Features Implemented

Stage	Feature	Status	Output
Stage 1	Cognitive IR schema	✅ Done	Type-safe IR models
Stage 2	Markdown compiler	✅ Done	`.nullain/*.ir.json`
Stage 3	XML-like prompt renderer	✅ Done	`.nullain/*.prompt.xml`
Stage 4	Runtime session	✅ Done	`state.json`, `prompt.xml`
Stage 5	JSONL tracing	✅ Done	`trace.jsonl`
Stage 6	Deterministic scheduler	✅ Done	`decision.json`
Stage 7	Mock LLM provider	✅ Done	`output.md`
Stage 8	Minimal pipeline orchestrator	✅ Done	reusable pipeline + artifact writer
Stage 9	CLI cleanup and helper reuse	✅ Done	`src/cli/helpers.ts` + unified CLI
Stage 10	Ollama provider adapter	✅ Done	`src/llm/ollama-provider.ts` + `run-ollama` command
Stage 11	User task injection	✅ Done	`--task` option for `run` and `run-ollama`
Stage 12	Basic local tool registry	✅ Done	`src/tools/` — registry + resolver (no execution yet)
Stage 13	Tool availability injection via CLI	✅ Done	`--tool` option for `run` and `run-ollama`
Stage 14	Tool capability contract	✅ Done	`execution_mode="metadata_only"` + `<tool_capability_contract>` in prompt
Stage 15	Minimal tool execution protocol	✅ Done	`src/tools/execution.ts` + `echo-tool.ts` — local-safe echo executor, no pipeline integration yet
Stage 16	Manual tool execution CLI + artifacts	✅ Done	`pnpm dev tool echo --input "hello"` — writes request.json, result.json, trace.jsonl
Stage 17	Local memory prototype	✅ Done	`pnpm dev memory add/search/list` — append-only JSONL, no vector DB or embeddings
Stage 18	Evaluation harness	✅ Done	`pnpm dev eval` — deterministic mock-based eval with fixtures, no LLM judge
Stage 19	Memory injection experiment	✅ Done	`--memory-query` / `--memory-limit` on `run` / `run-ollama` — explicit opt-in only

What It Does Today

Given an agent spec like:

# Deep Research Agent

## Goal
Produce a comprehensive, well-sourced research summary.

## Instructions
- Be accurate.
- Do not invent facts.
- Separate fact, inference, and uncertainty.

## Constraints
- Do not hide uncertainty.
- Do not execute destructive actions.

## Tools
- mock_search

## Output
Return a clear, structured answer.

The engine can generate:

.nullain/
  research-agent.ir.json
  research-agent.prompt.xml

  sessions/
    session-<id>/
      state.json
      prompt.xml
      decision.json
      output.md
      trace.jsonl

Commands

Install dependencies:

pnpm install

Run typecheck:

pnpm typecheck

Run tests:

pnpm test

Build:

pnpm build

Compile a Markdown Agent Spec into Cognitive IR:

pnpm dev compile examples/research-agent.md

Render an XML-like prompt:

pnpm dev render examples/research-agent.md

Create a runtime session:

pnpm dev session examples/research-agent.md

Create a runtime session and scheduler decision:

pnpm dev decide examples/research-agent.md

Run the full local pipeline with mock LLM:

pnpm dev run examples/research-agent.md

Inject a user task into the prompt:

pnpm dev run examples/research-agent.md --task "Research local LLM agent frameworks"
pnpm dev run-ollama examples/research-agent.md --task "Research local LLM agent frameworks"

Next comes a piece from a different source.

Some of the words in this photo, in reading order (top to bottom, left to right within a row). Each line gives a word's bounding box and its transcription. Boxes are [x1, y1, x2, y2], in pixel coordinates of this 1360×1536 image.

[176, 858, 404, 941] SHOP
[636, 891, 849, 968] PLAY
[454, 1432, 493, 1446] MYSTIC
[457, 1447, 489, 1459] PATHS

Inject available tool metadata into the prompt:

pnpm dev run examples/research-agent.md --task "Research local LLM agent frameworks" --tool web_search
pnpm dev run-ollama examples/research-agent.md --task "Research local LLM agent frameworks" --tool web_search --tool citation_manager

Run the full pipeline with Ollama LLM:

pnpm dev run-ollama examples/research-agent.md

Execute a tool manually (Stage 16 — only echo is available):

pnpm dev tool echo --input "hello from nullysh"

This writes artifacts to .nullain/tool-runs/<request-id>/:

request.json
result.json
trace.jsonl

Note: web_search and citation_manager are not executable yet. Only echo is supported as a local-safe proof-of-concept. The LLM pipeline does not call tools automatically in this stage.

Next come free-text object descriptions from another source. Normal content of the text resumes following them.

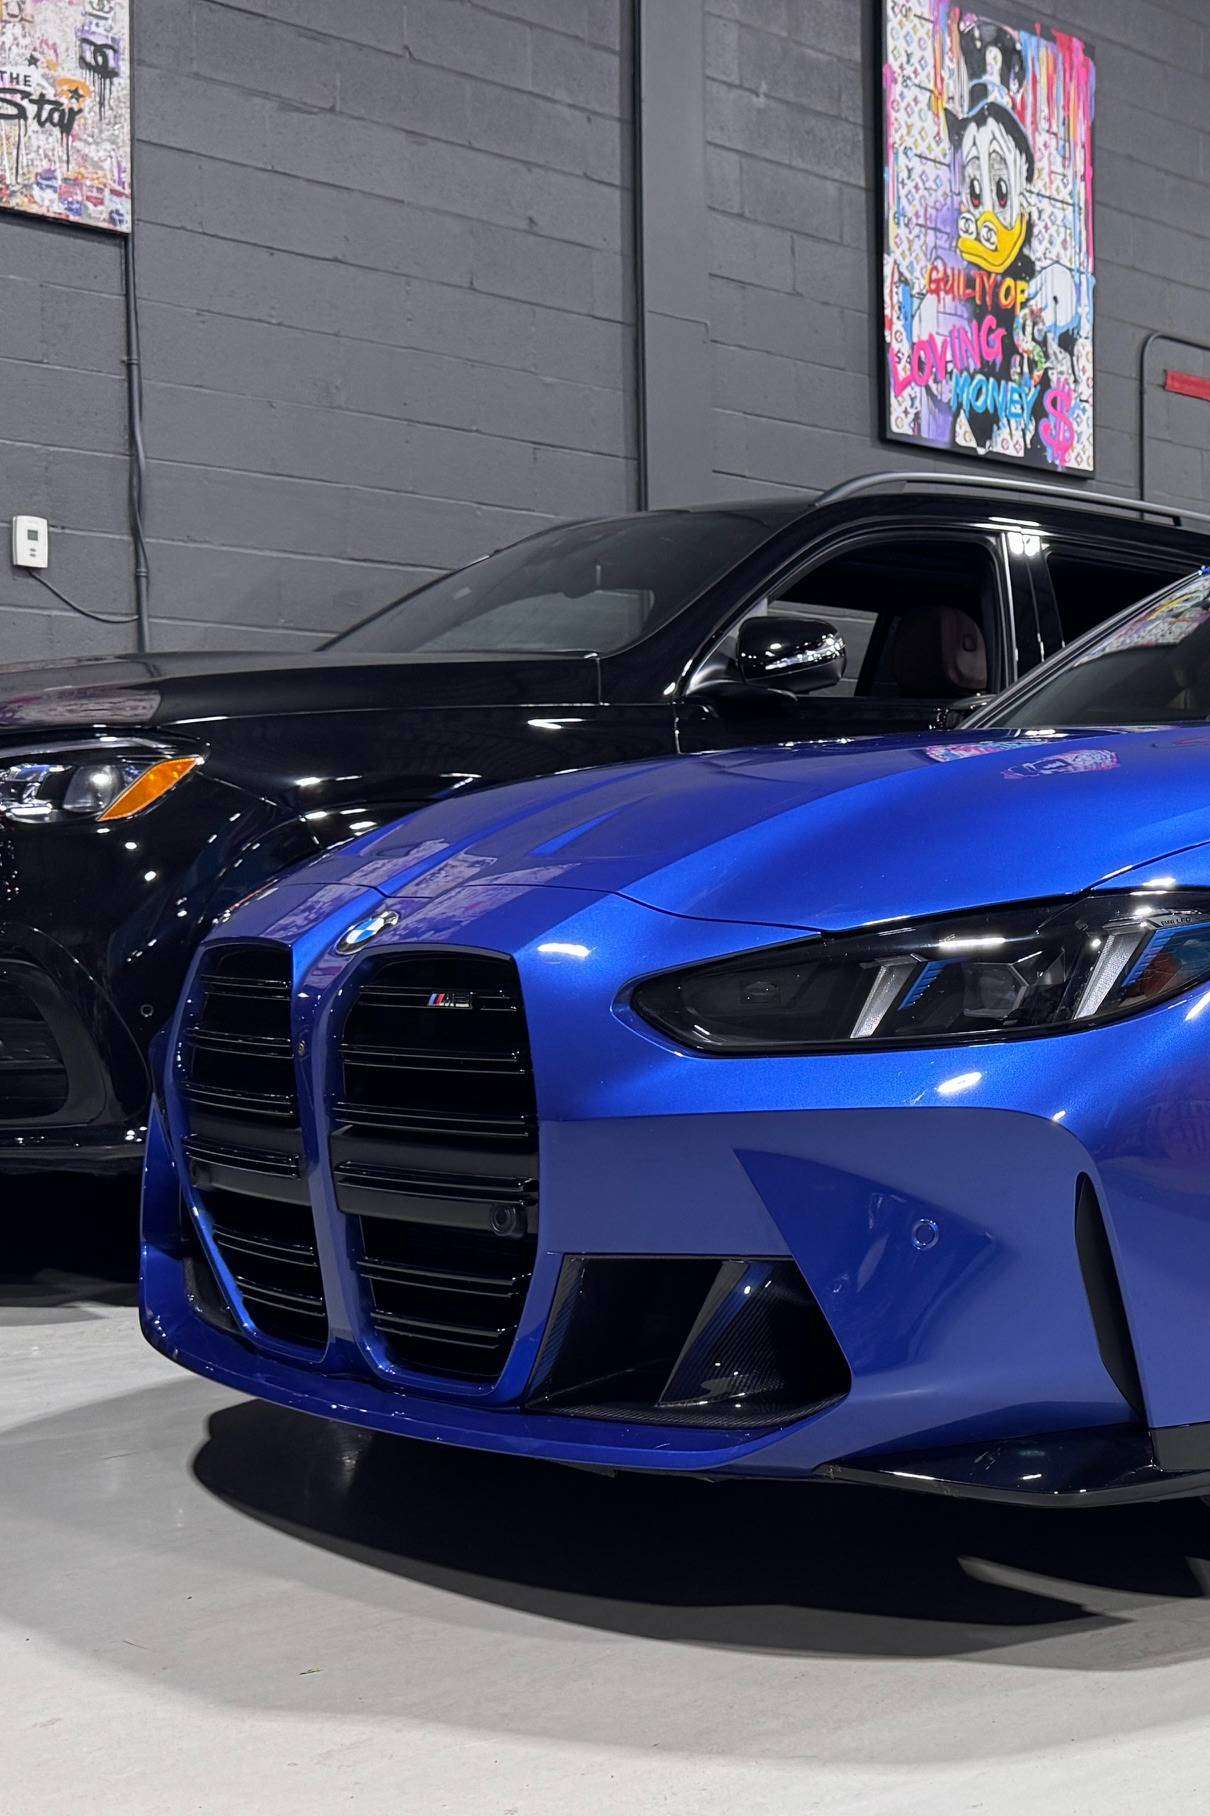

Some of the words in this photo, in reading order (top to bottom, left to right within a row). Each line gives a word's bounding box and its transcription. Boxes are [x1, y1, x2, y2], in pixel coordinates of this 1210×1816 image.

[927, 265, 997, 310] GUILTY
[1000, 278, 1029, 316] OF
[889, 315, 1006, 398] LOVING
[951, 371, 1040, 423] MONEY
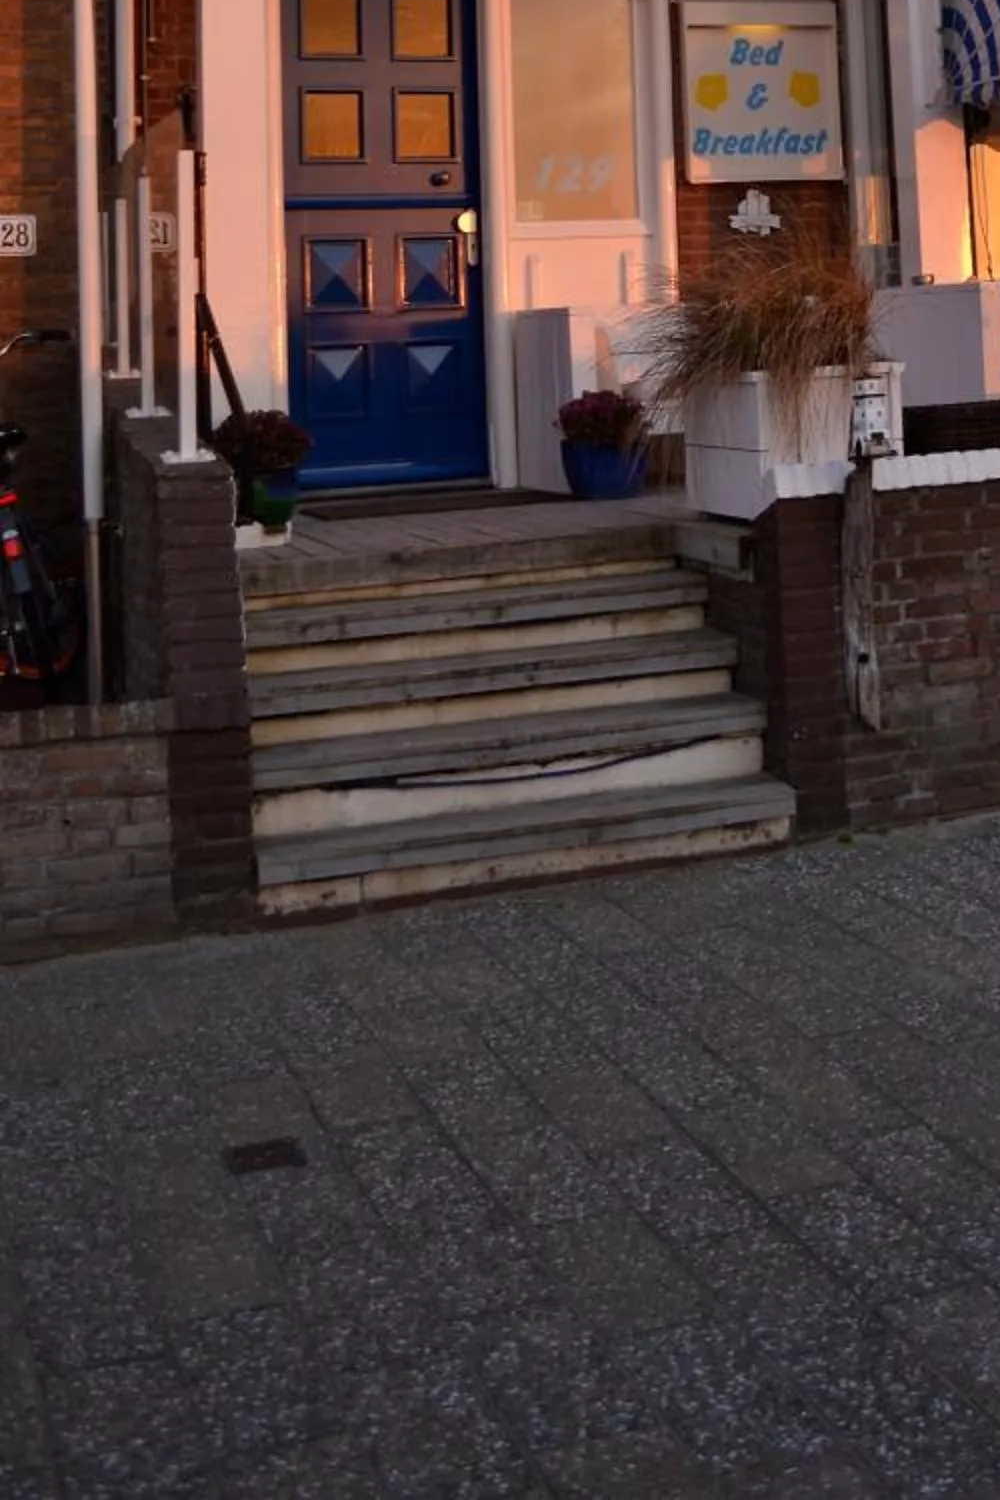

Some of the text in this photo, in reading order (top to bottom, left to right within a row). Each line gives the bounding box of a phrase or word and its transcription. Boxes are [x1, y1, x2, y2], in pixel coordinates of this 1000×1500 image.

[730, 39, 783, 66] Bed
[746, 83, 768, 110] &
[693, 127, 827, 155] Breakfast
[535, 153, 613, 194] 129

Manage local memory records (Stage 17 — append-only JSONL, no vector DB):

pnpm dev memory add --content "Nullysh Engine uses a local JSONL memory prototype."
pnpm dev memory list
pnpm dev memory search --query "jsonl"

This stores memory in .nullain/memory/memory.jsonl. It is not integrated into the LLM pipeline yet.

Run the evaluation harness (Stage 18 — deterministic, mock-based, no LLM judge):

pnpm dev eval

This runs a small fixture suite against the mock provider and writes a JSON report to .nullain/evals/. It checks:

Prompt includes expected strings
Output includes expected strings
Event types are emitted in the correct order

It does not use external datasets, embeddings, or real LLMs.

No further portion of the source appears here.